* Task details:
Down to the last line, restate the records word for word, but not the pictures.

(Records excerpted from a collection)
======

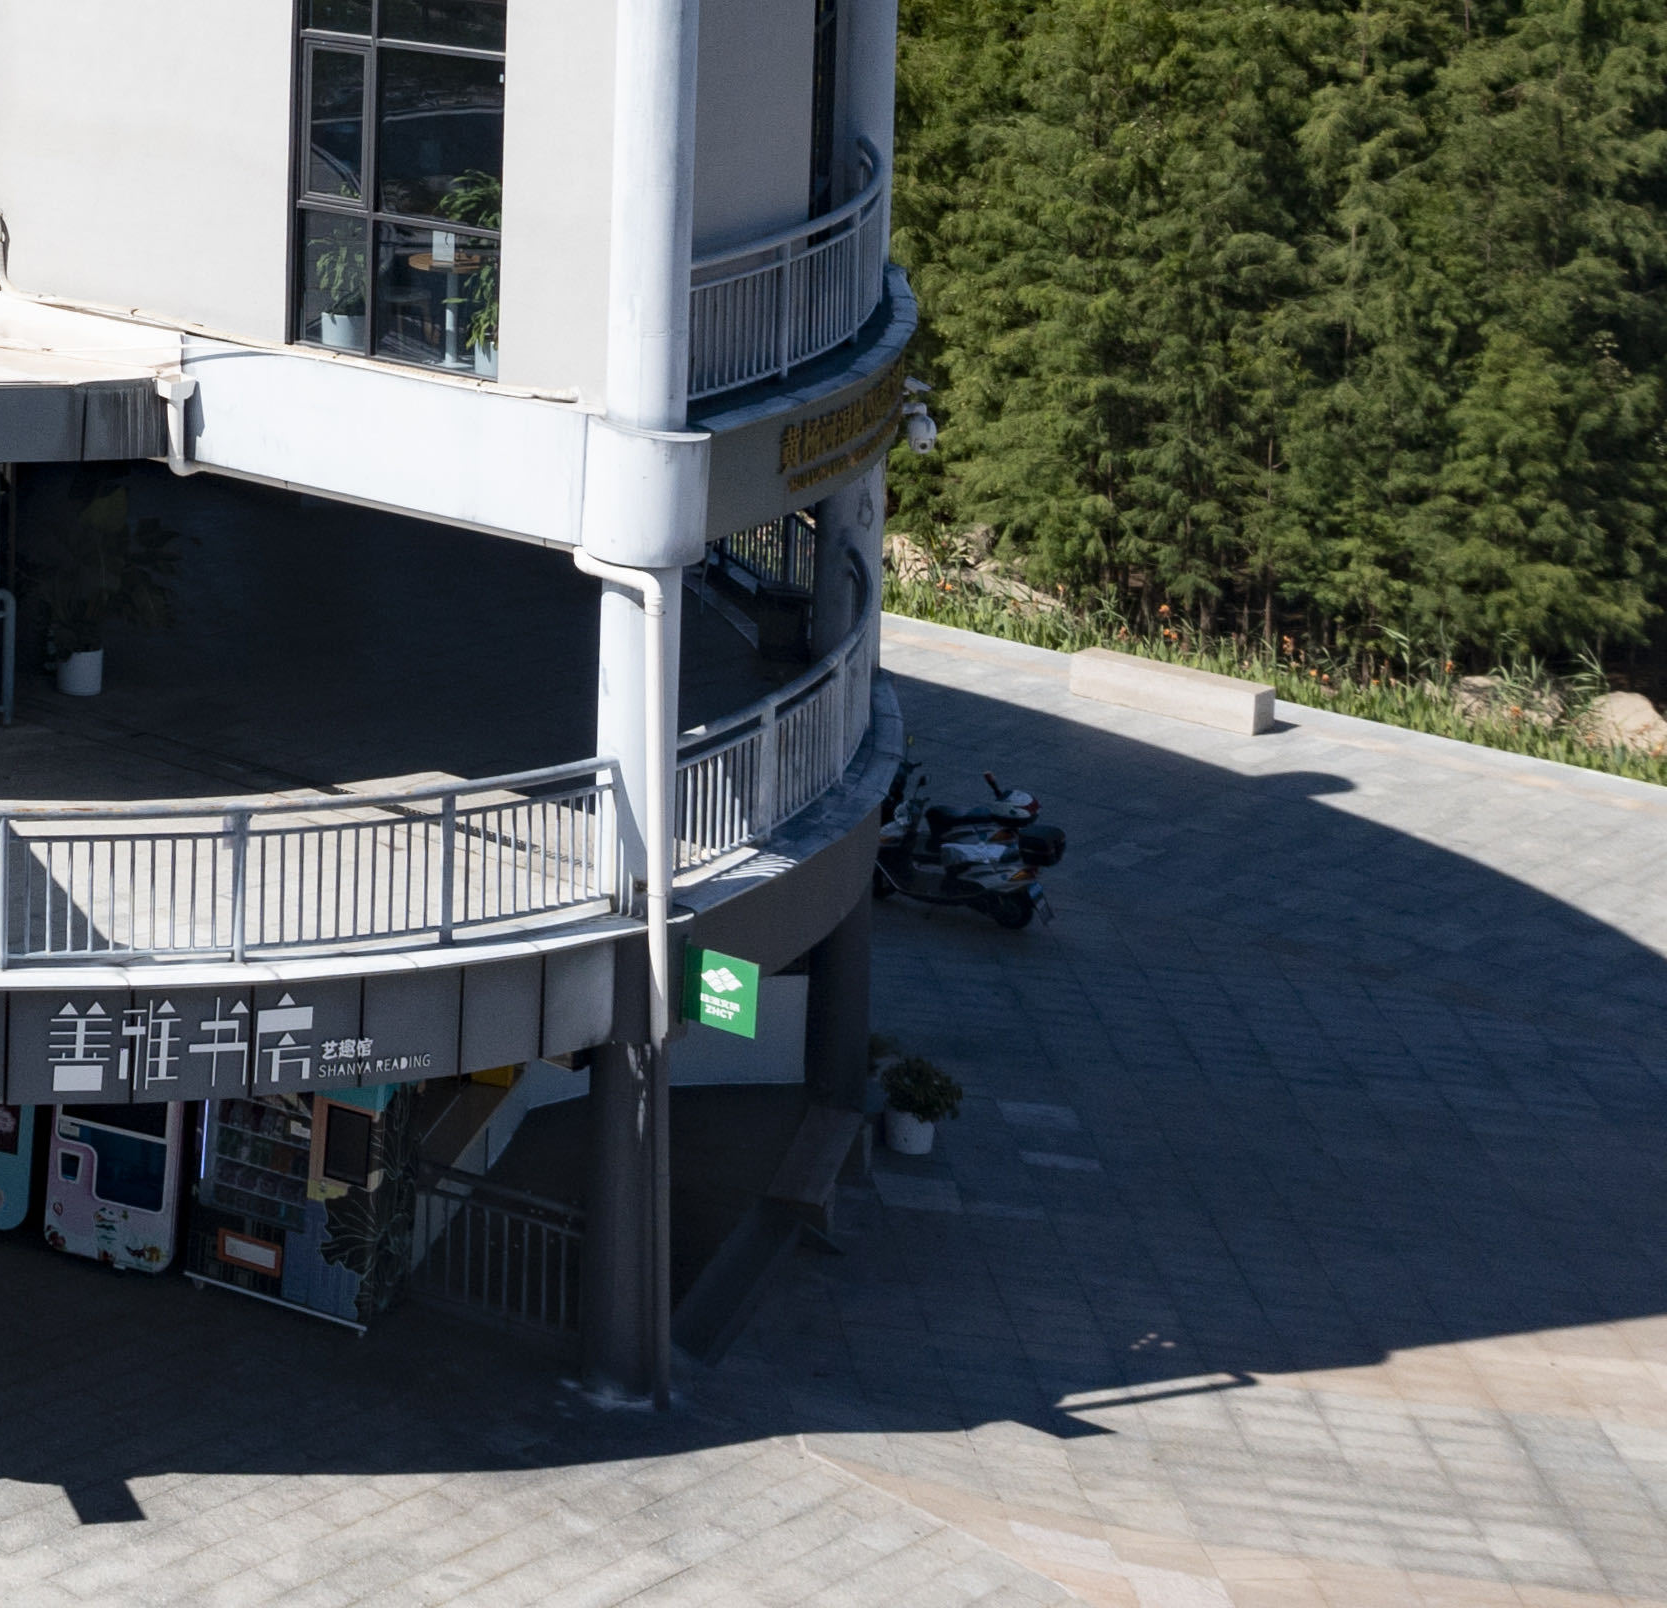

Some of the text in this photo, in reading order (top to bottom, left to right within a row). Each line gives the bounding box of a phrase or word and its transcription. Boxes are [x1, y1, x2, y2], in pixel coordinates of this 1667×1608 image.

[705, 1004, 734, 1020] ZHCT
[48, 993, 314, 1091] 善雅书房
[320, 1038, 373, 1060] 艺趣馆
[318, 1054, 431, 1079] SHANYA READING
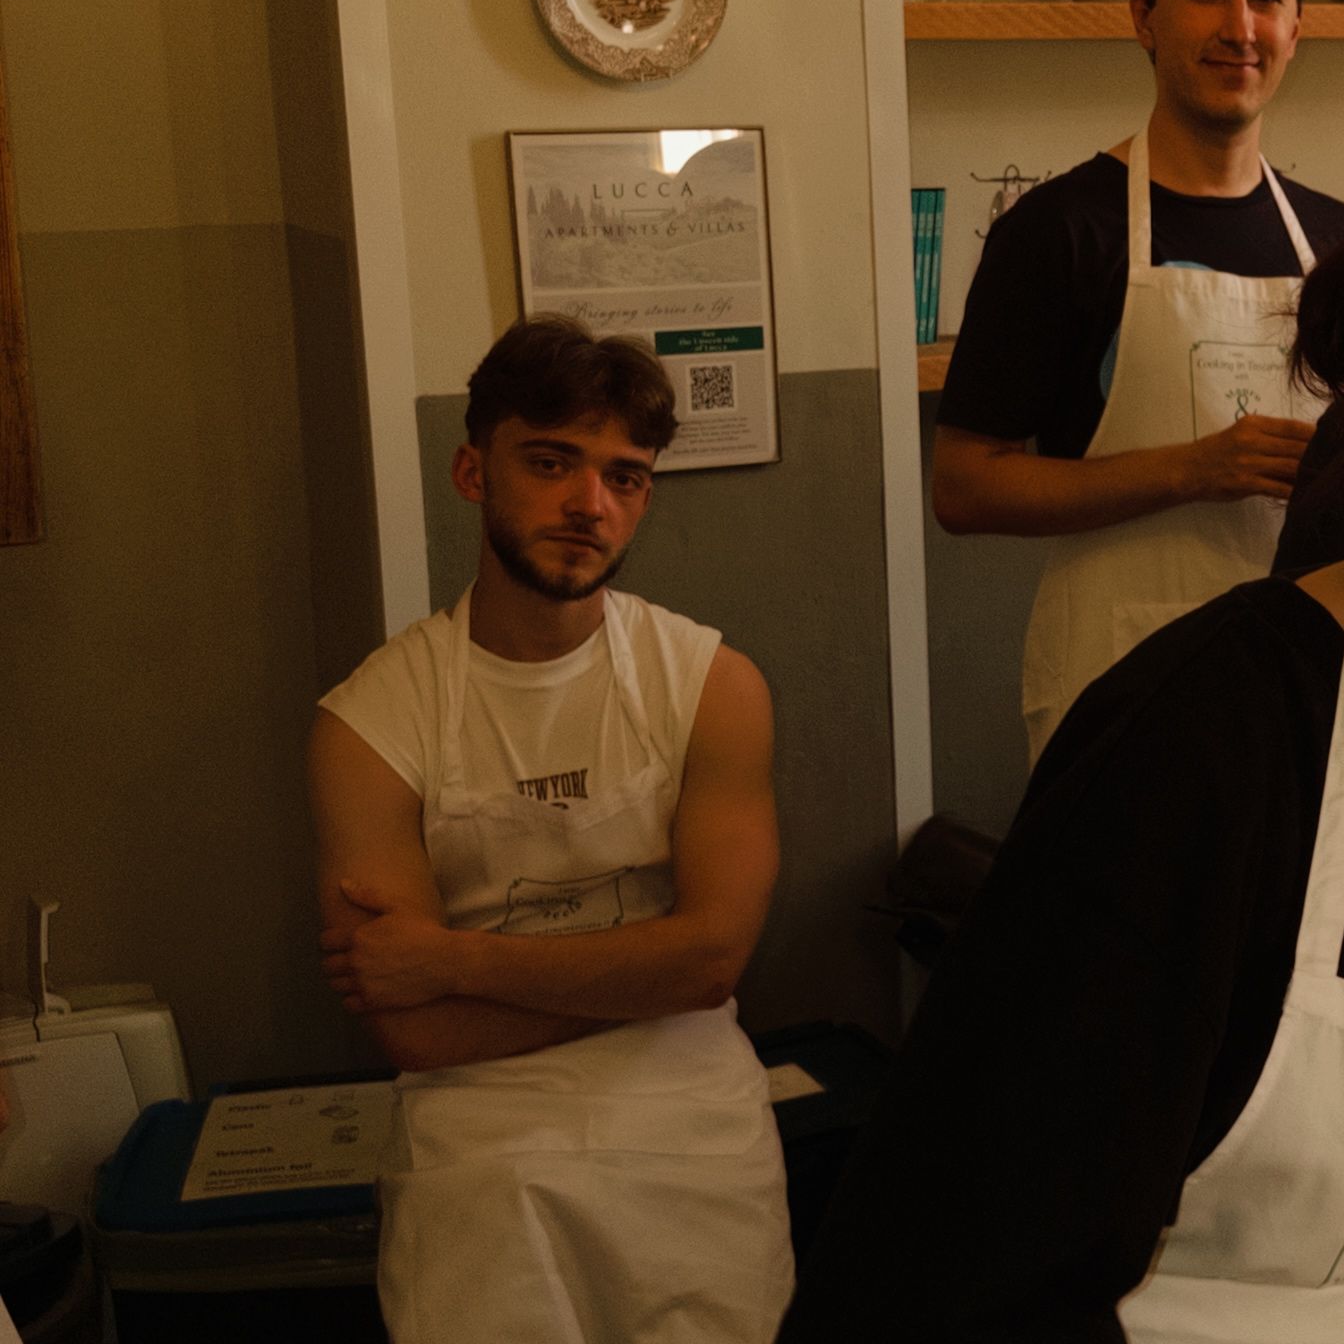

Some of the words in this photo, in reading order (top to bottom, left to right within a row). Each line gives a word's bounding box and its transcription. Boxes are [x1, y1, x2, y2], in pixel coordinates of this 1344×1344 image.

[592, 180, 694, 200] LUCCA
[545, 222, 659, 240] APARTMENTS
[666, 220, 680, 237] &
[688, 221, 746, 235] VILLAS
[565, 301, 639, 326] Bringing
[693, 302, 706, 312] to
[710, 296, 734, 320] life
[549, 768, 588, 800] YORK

======

* Task response:
Some of the text in this photo, in reading order (top to bottom, left to right within a row). Each line gives the bounding box of a phrase or word and its transcription. Boxes are [x1, y1, x2, y2], in pixel coordinates of this 1667×1608 image.

[705, 1004, 734, 1020] ZHCT
[48, 993, 314, 1091] 善雅书房
[320, 1038, 373, 1060] 艺趣馆
[318, 1054, 431, 1079] SHANYA READING

Some of the words in this photo, in reading order (top to bottom, left to right within a row). Each line gives a word's bounding box and its transcription. Boxes are [x1, y1, x2, y2], in pixel coordinates of this 1344×1344 image.

[592, 180, 694, 200] LUCCA
[545, 222, 659, 240] APARTMENTS
[666, 220, 680, 237] &
[688, 221, 746, 235] VILLAS
[565, 301, 639, 326] Bringing
[693, 302, 706, 312] to
[710, 296, 734, 320] life
[549, 768, 588, 800] YORK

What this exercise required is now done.